Nurse scholars assert that the integration of standardized terminology in education is a critical element and a prerequisite for teaching EHR charting, EBP, and outcomes reporting for quality improvement.6,8,9,11,21 Standardized terminology not only makes evident what nurses do in practice, it also streamlines the nursing process for EHR charting, EBP, and data management.

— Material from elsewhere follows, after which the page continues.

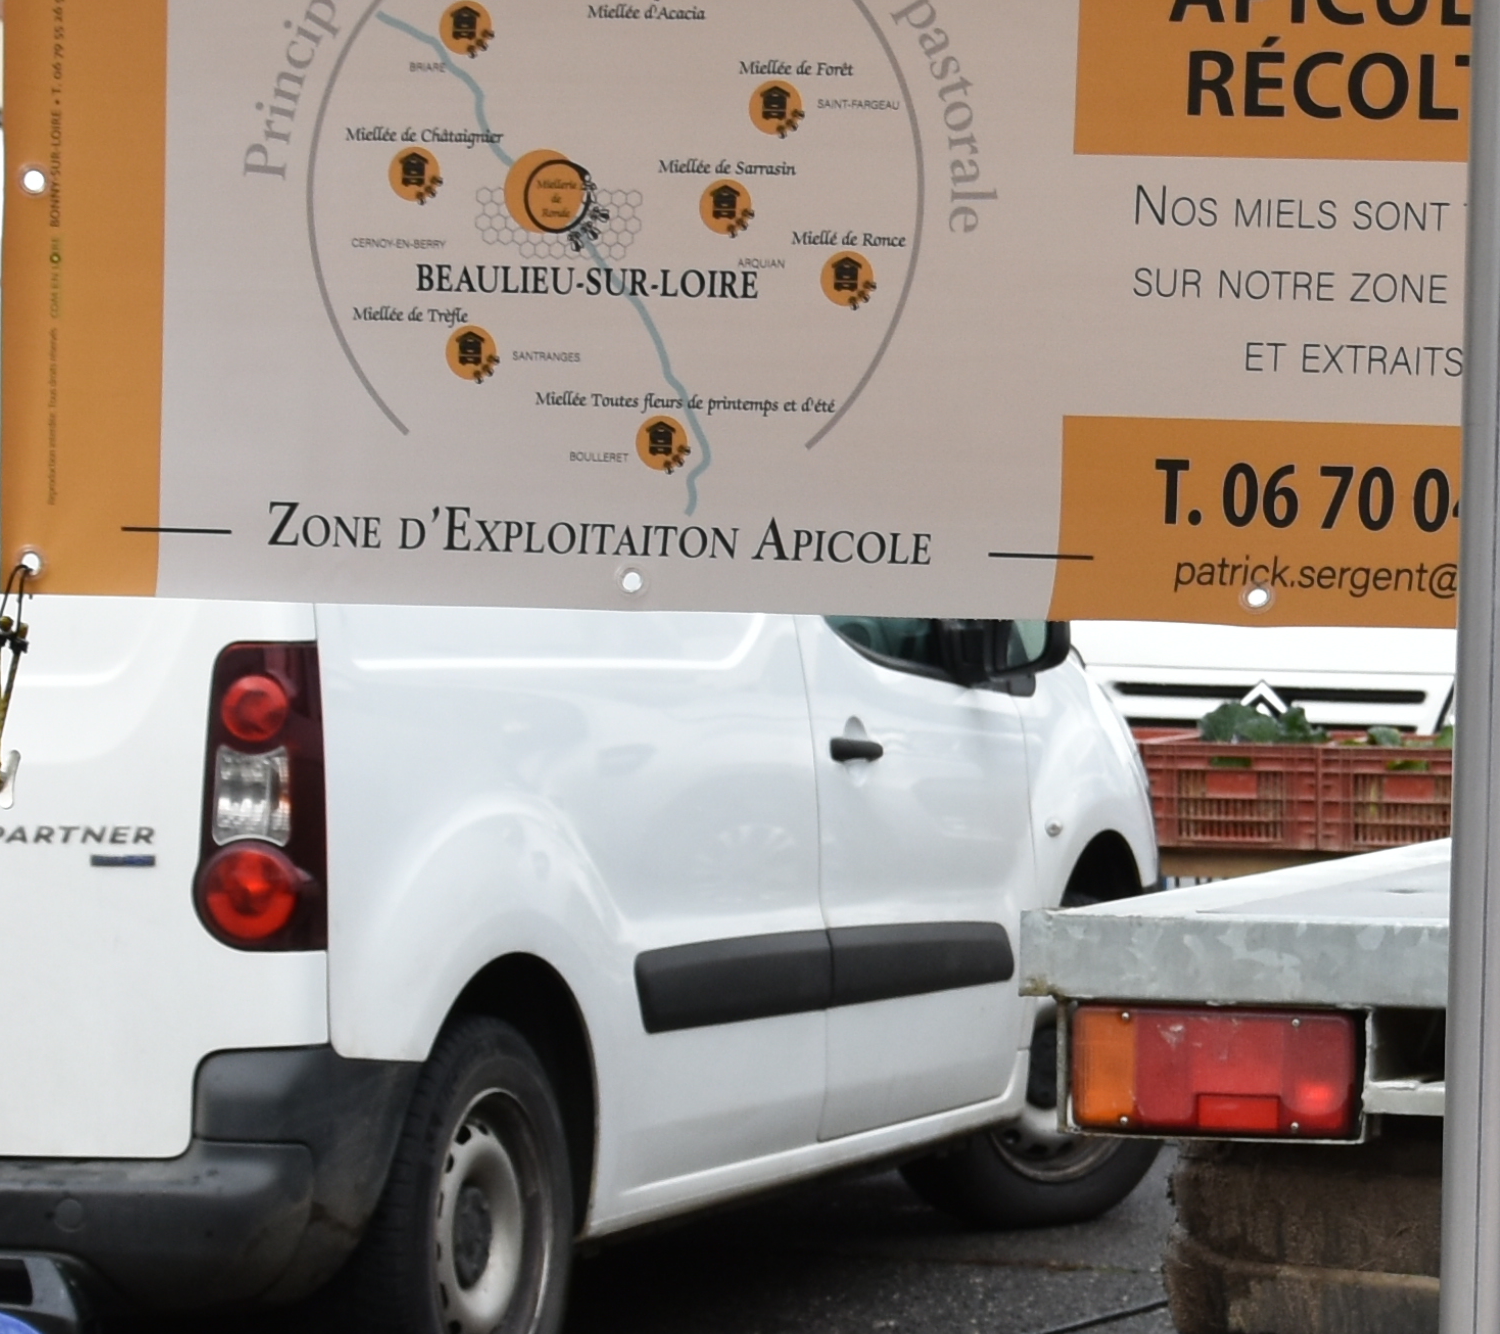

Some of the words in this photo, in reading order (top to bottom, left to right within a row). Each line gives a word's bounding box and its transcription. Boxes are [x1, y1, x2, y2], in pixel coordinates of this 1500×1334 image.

Standardized terminologies are common classification systems that are embedded in the EHR for documentation and data management, for example to describe health problems, identify interventions, and develop a care plan, and may include an evaluation component.3,4,6,11,19,22-25 There are 12 standardized terminologies recognized and endorsed by the American Nurses Association.24 Examples include the Clinical Care Classification, used primarily in home healthcare; the North American Nursing Diagnosis Association-International, commonly used in acute care; and the Omaha System, primarily used for population health.24 Of the 12 terminologies, the Omaha System provides a holistic framework, has been mapped to EBP, and includes an evaluation component.4,13,19,22-25


In population health, the Omaha System is the most widely used, and it is known for streamlining the nursing process, resulting in higher quality healthcare.4,6,13,19,22-24 Used around the world in practice, education, and research, the Omaha System offers high utility, that is, a holistic framework, interface capability, interoperability, EBP, and an evaluation component.4,6,19,22,23 In practice, the Omaha System is used interprofessionally. Although extensively researched for use in practice, additional research is needed to demonstrate the feasibility of the Omaha System as a structured instrument for education that reinforces critical thinking in practice.4,13,14,19,25-28 As an innovative approach, nurse scholars designed a case study assignment that incorporated the use of HIT into an unfolding case scenario, and used the Omaha System to guide EHR charting and the PHN process of assessment, EBP, and evaluation.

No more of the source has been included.